Lush officially announced their breakup in February 1998, following Acland's death by suicide in October 1996.

After Lush split, Berenyi appeared on The Rentals' album Seven More Minutes (1999). She also contributed vocals to a remix of a Flat 7 track by Robin Guthrie (who also produced Lush's early work) and appeared on Seinking Ships' debut album, Museum Quality Capture, released in 2010.

When asked if she missed anything about her time in Lush, Berenyi stated, "I miss the excitement and energy of playing live and the camaraderie of touring—being with the band and crew in a foreign country is like going on holiday with your mates but even more fun because it’s free." She also said, "I enjoyed being in the band immensely, I’m glad I did it".

Berenyi later worked for a magazine as a sub-editor and did not perform for many years. She explained: "I was never a proper guitarist—only in the context of Lush.
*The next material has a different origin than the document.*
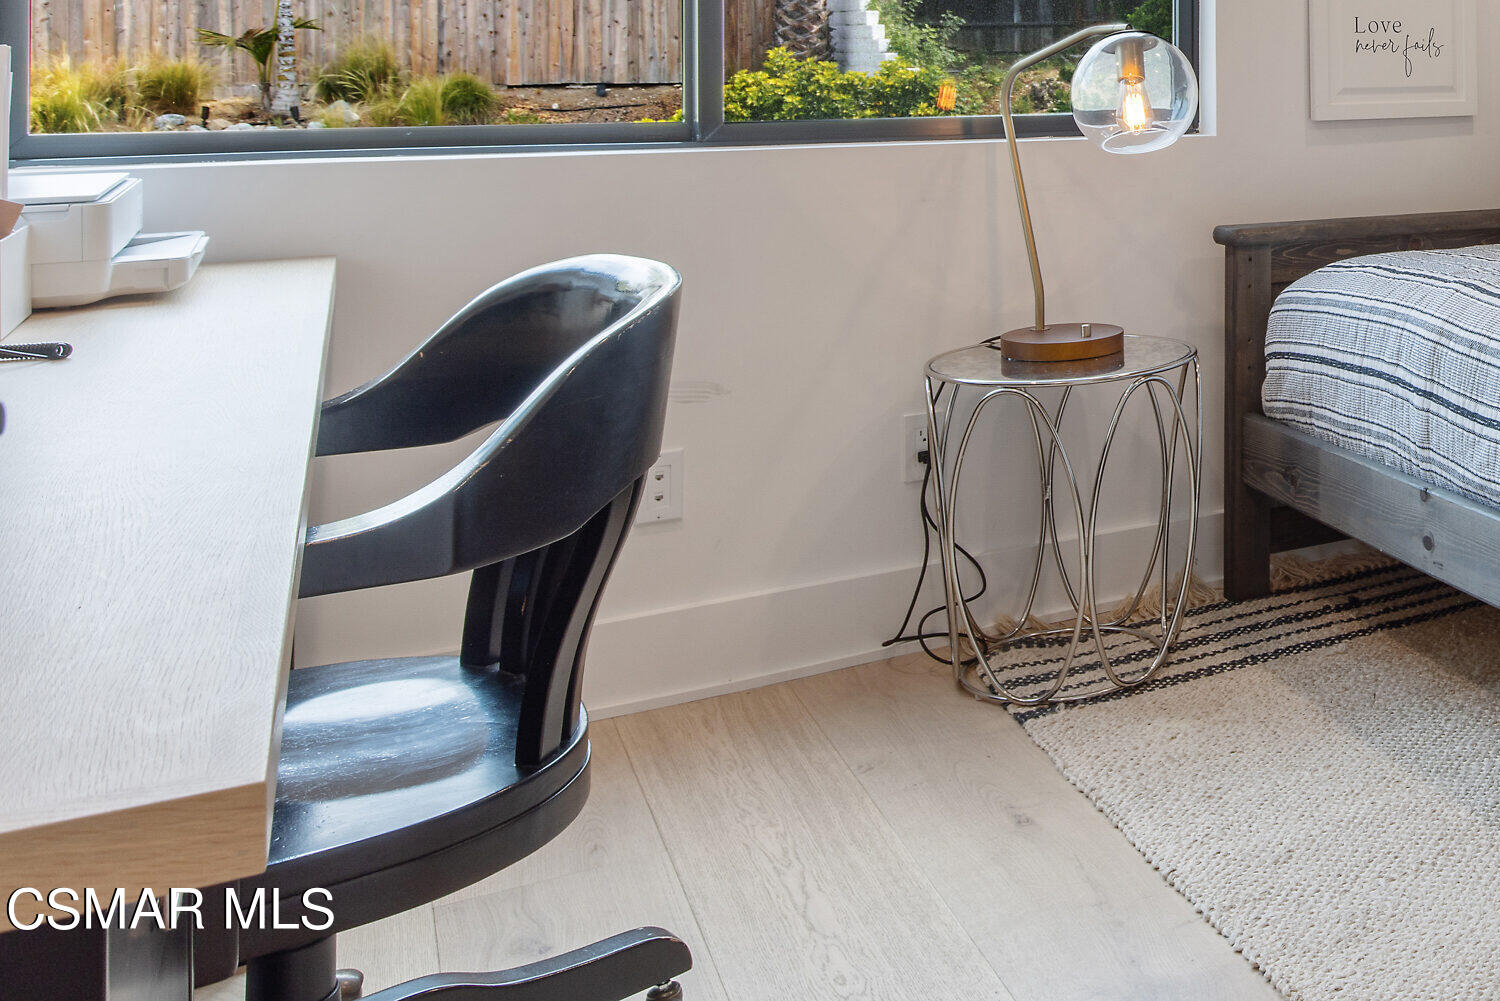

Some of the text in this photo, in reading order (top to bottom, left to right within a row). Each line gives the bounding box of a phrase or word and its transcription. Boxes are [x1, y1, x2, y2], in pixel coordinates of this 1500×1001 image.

I played the guitar to write songs on and to play live".

Lush, including Berenyi, announced a reunion on 28 September 2015, with former Elastica drummer Justin Welch taking over for Acland. They toured extensively throughout 2016 and released an EP of new material; "Blind Spot" in April of that year. Bassist Phil King left the band in October 2016 and as a consequence Lush played their final farewell gig, with Michael Conroy of Modern English on bass at Manchester Academy on 25 November 2016.

In September 2018, Berenyi announced that she had formed a new band, Piroshka, with Welch, Conroy and former Moose member K.J. "Moose" McKillop. Berenyi and partner McKillop have two children. Their debut album, Brickbat, was released by Bella Union on 15 February 2019.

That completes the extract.